Task description => Leave the pictures out and reproduce all the entries word for word.

Spatial localization data:
□ □ □ □ □ □ □

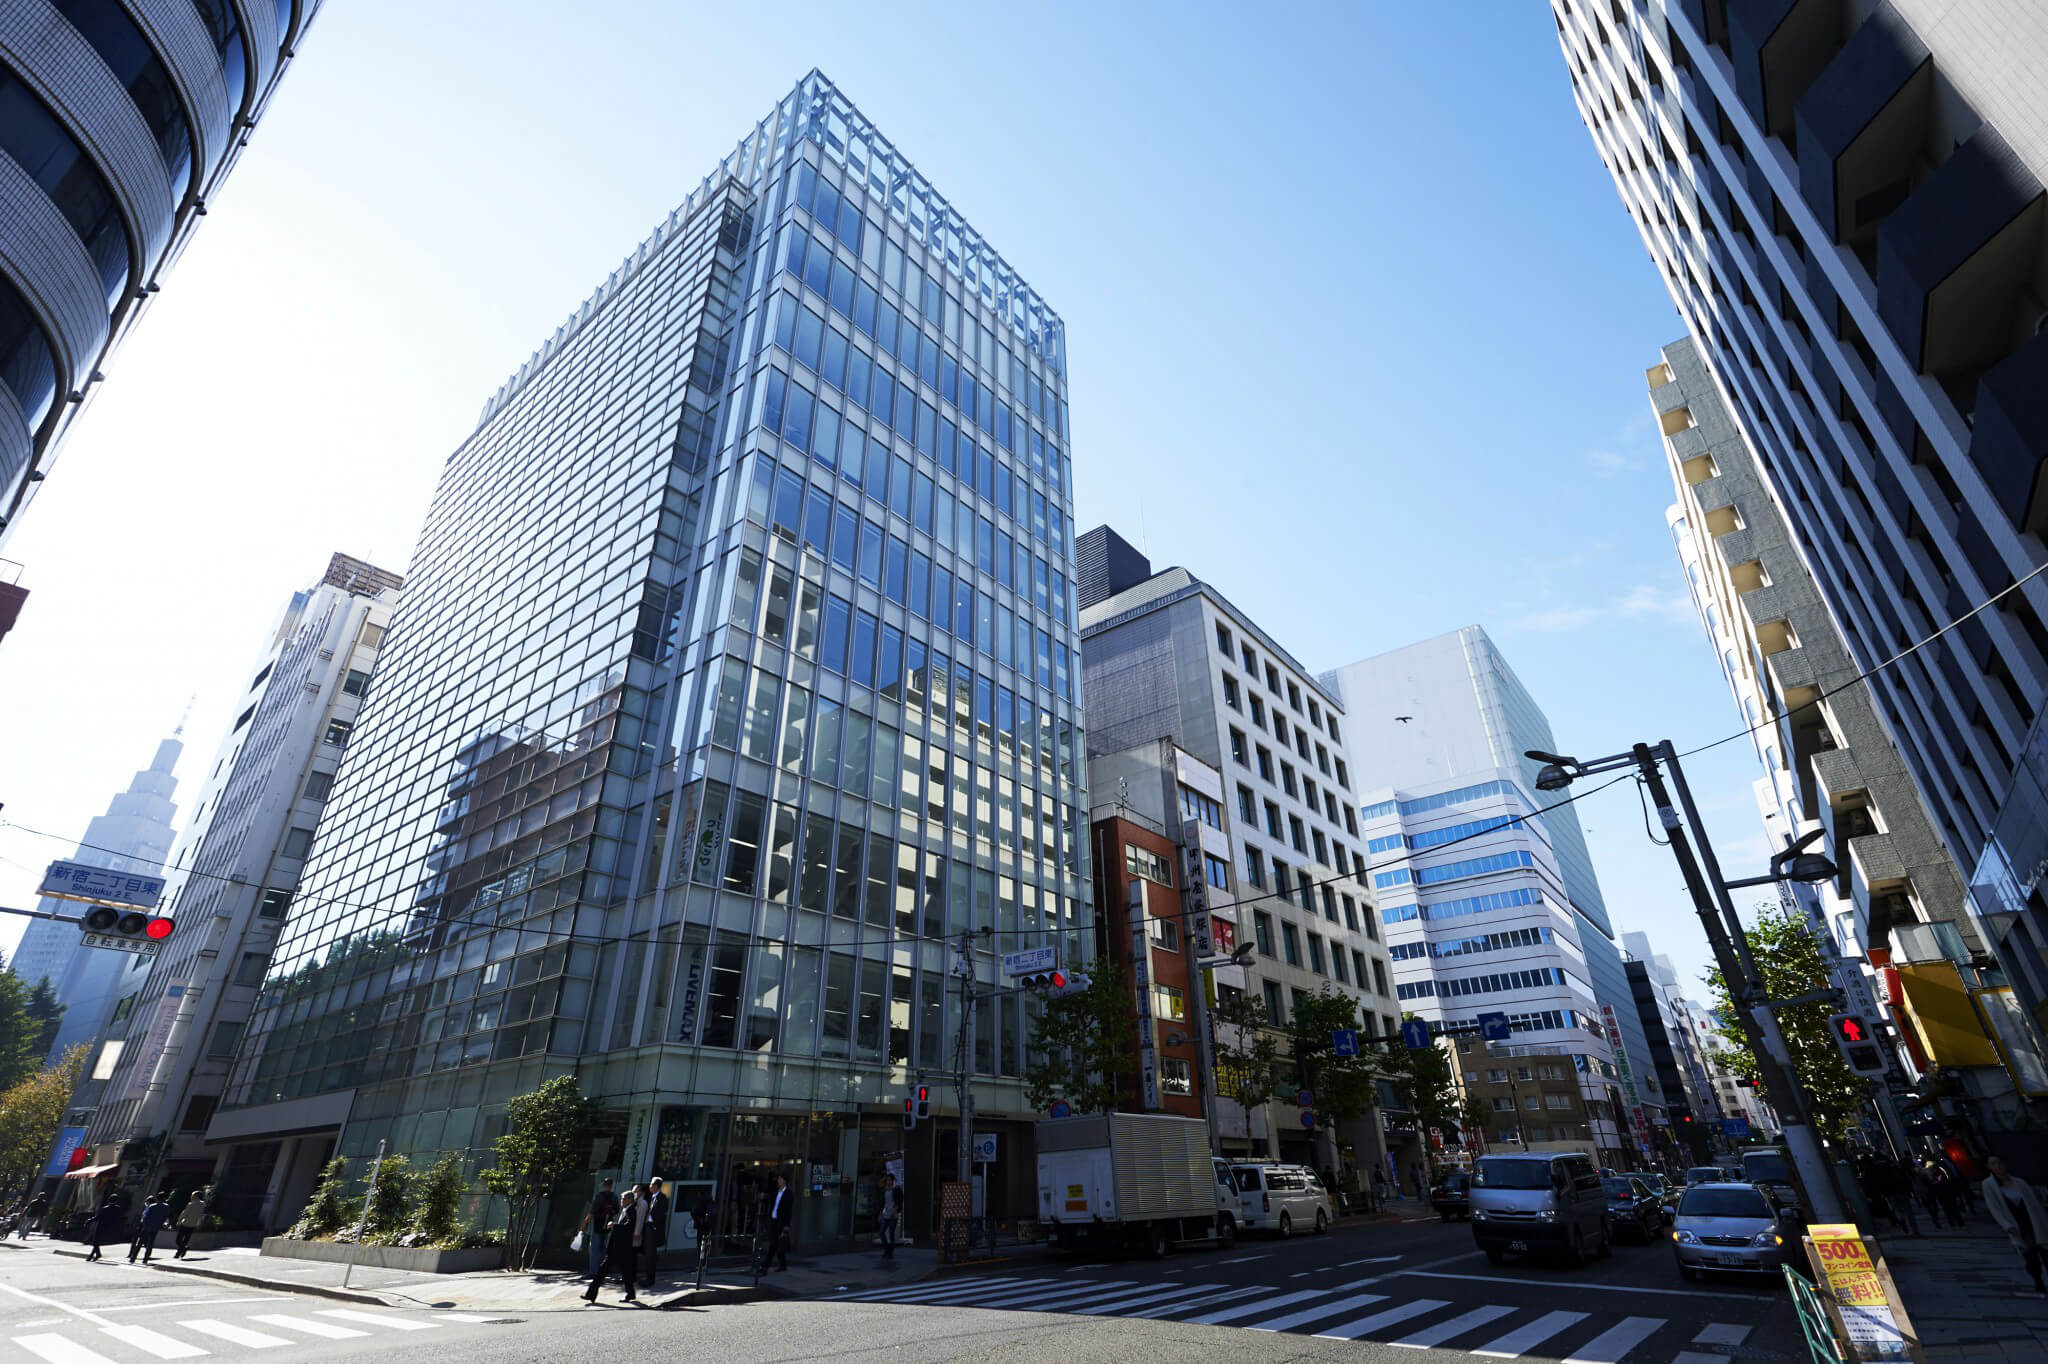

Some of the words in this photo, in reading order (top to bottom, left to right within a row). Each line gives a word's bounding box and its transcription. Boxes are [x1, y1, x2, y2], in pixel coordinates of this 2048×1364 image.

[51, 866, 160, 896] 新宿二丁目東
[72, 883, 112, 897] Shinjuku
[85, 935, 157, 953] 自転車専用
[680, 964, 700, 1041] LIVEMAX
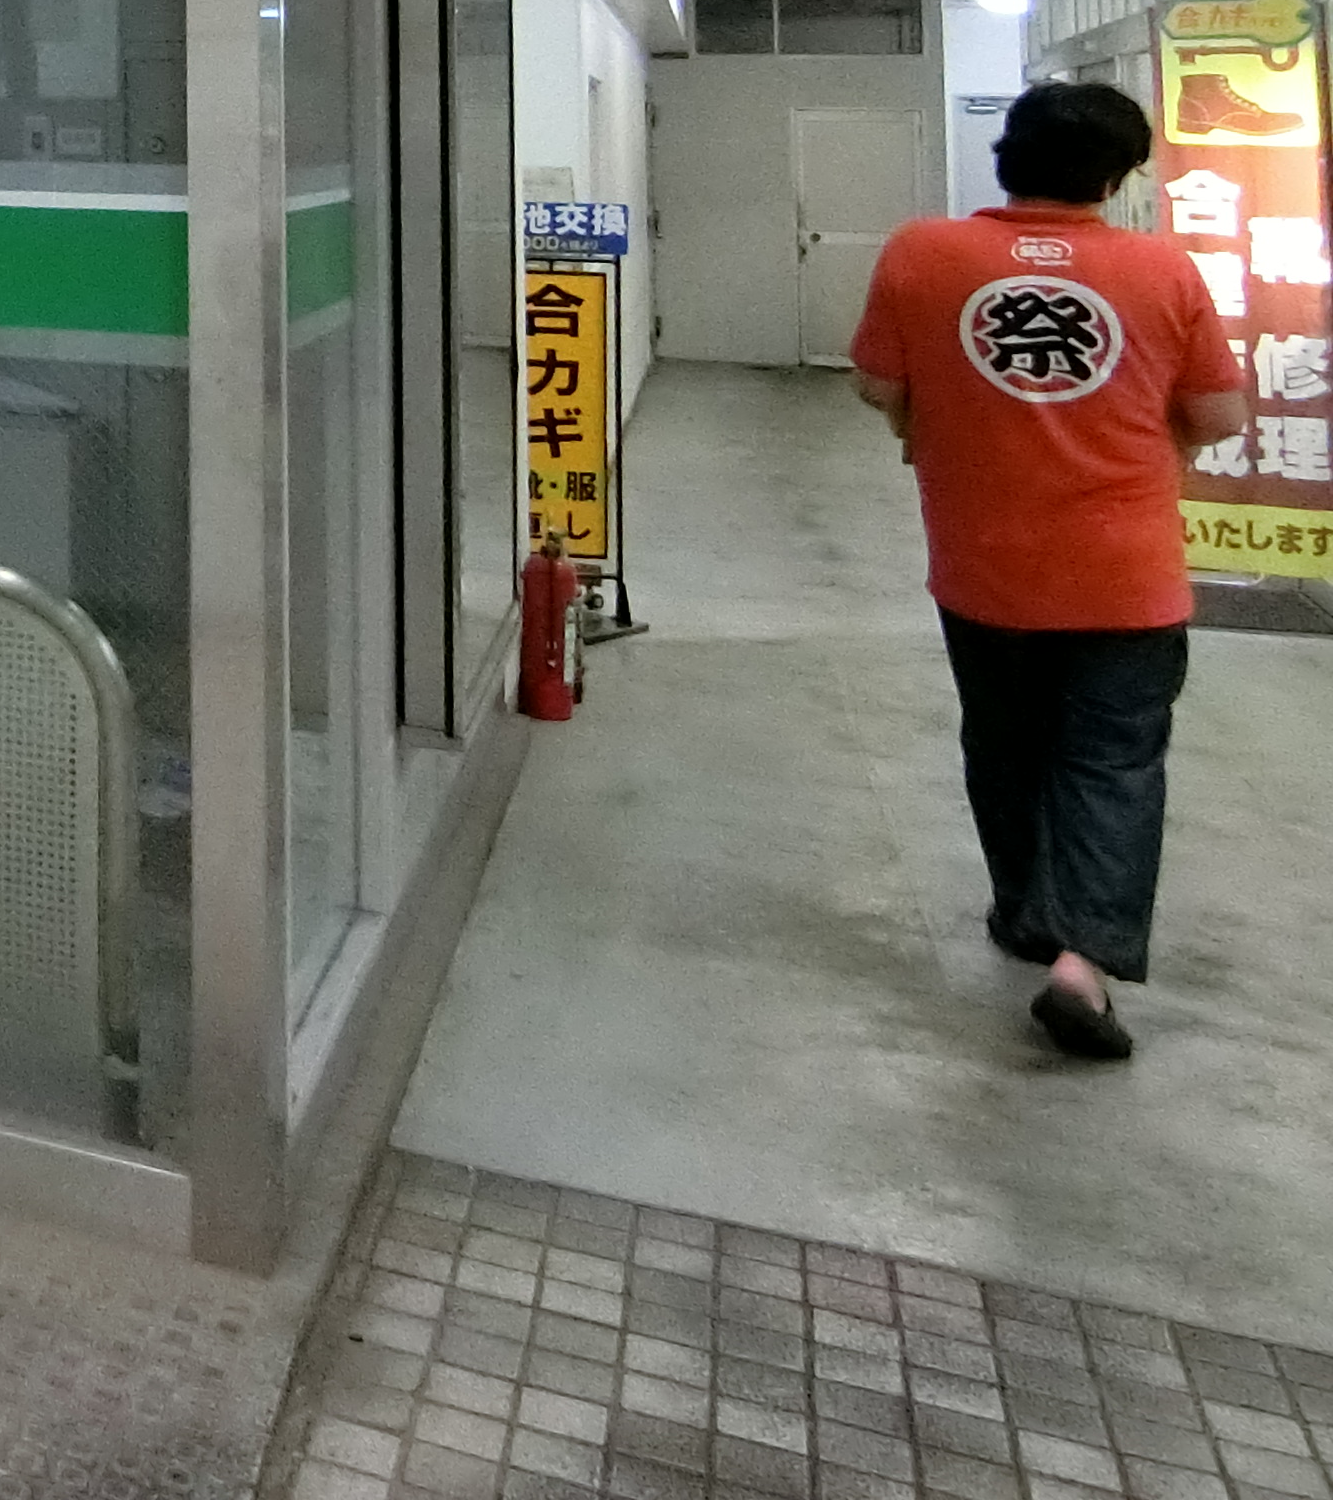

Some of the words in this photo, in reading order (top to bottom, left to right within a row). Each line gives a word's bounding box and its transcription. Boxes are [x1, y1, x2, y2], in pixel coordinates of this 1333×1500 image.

□ □ □ □ □ □ □

Result of this exercise =>
Some of the words in this photo, in reading order (top to bottom, left to right within a row). Each line gives a word's bounding box and its transcription. Boxes are [x1, y1, x2, y2], in pixel coordinates of this 2048×1364 image.

[51, 866, 160, 896] 新宿二丁目東
[72, 883, 112, 897] Shinjuku
[85, 935, 157, 953] 自転車専用
[680, 964, 700, 1041] LIVEMAX

Some of the words in this photo, in reading order (top to bottom, left to right within a row). Each line gives a word's bounding box and its transcription. Boxes are [x1, y1, x2, y2], in pixel coordinates of this 1333×1500 image.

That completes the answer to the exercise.